[Start of section]
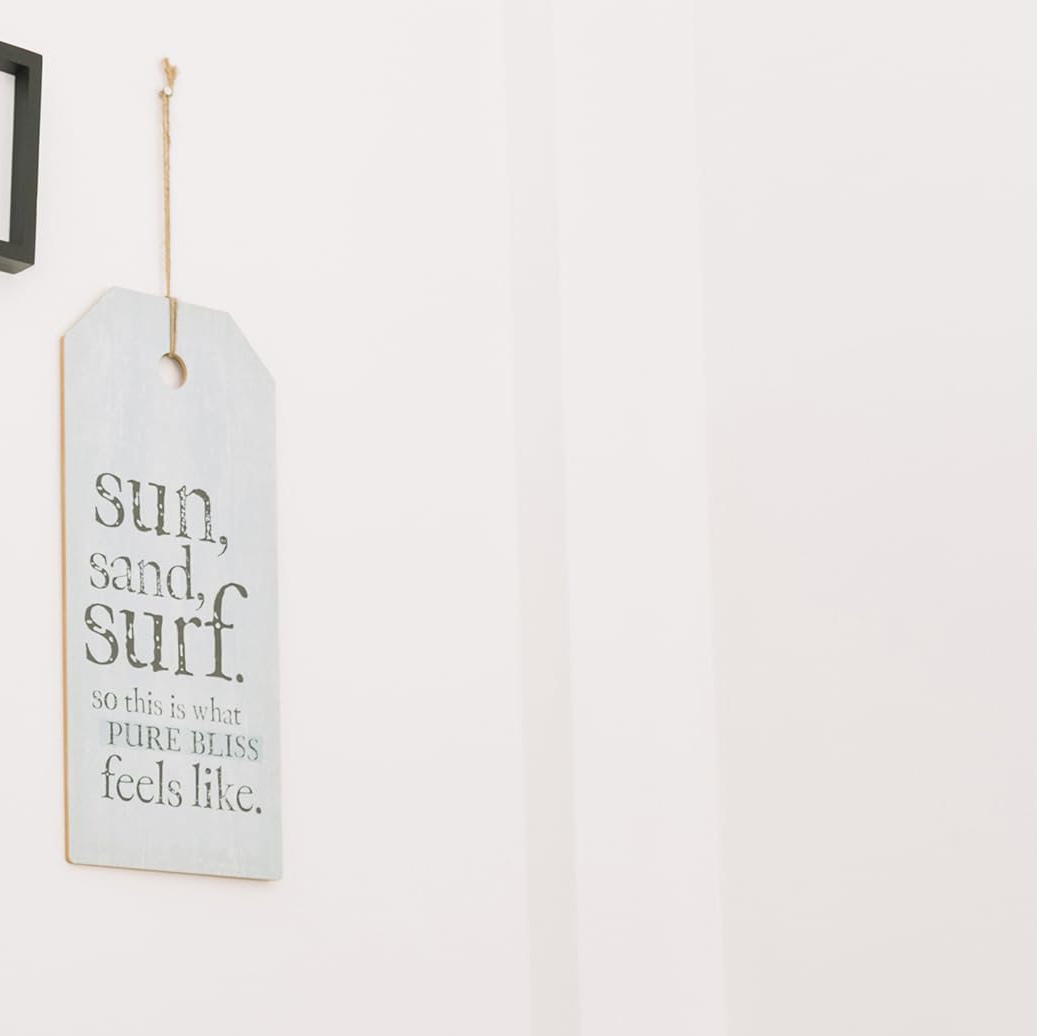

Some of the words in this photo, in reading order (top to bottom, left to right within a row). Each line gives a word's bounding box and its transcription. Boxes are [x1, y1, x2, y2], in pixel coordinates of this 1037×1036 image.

[94, 472, 229, 557] sun,
[89, 544, 207, 611] sand,
[83, 582, 249, 684] surf.
[91, 688, 119, 711] so
[124, 687, 164, 718] this
[170, 694, 187, 720] is
[191, 696, 241, 727] what
[106, 720, 182, 753] PURE
[190, 730, 260, 762] BLISS
[100, 754, 183, 808] feels
[191, 762, 263, 815] like.
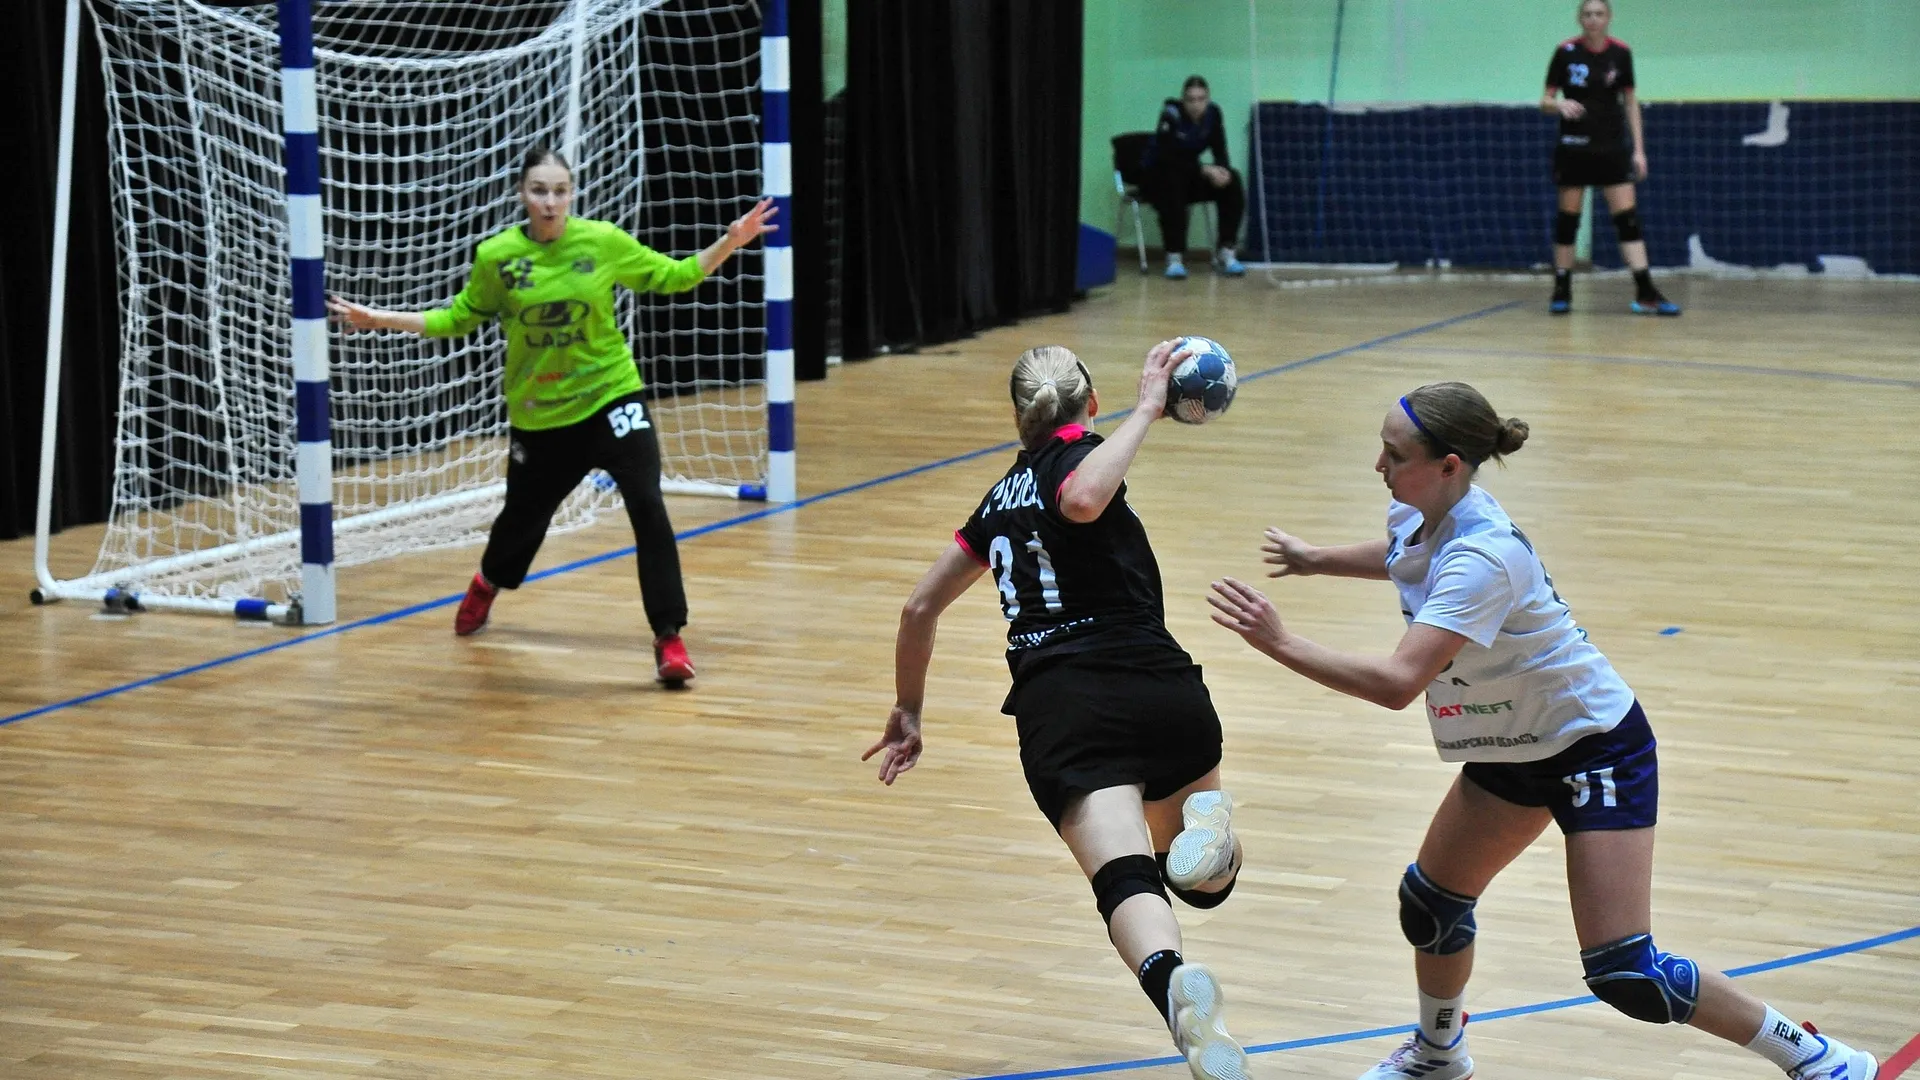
[End of section]
(Exercise brief)
In your answer, repeat the material above in full, exactly, and without its pictures.

(Response to the exercise)
Some of the words in this photo, in reading order (top to bottom, left to right within a row). Each line gives a word's bounding box and its transcription. Boxes are [x1, y1, x2, y2], in pixel coordinates of this 1037×1036 image.

[94, 472, 229, 557] sun,
[89, 544, 207, 611] sand,
[83, 582, 249, 684] surf.
[91, 688, 119, 711] so
[124, 687, 164, 718] this
[170, 694, 187, 720] is
[191, 696, 241, 727] what
[106, 720, 182, 753] PURE
[190, 730, 260, 762] BLISS
[100, 754, 183, 808] feels
[191, 762, 263, 815] like.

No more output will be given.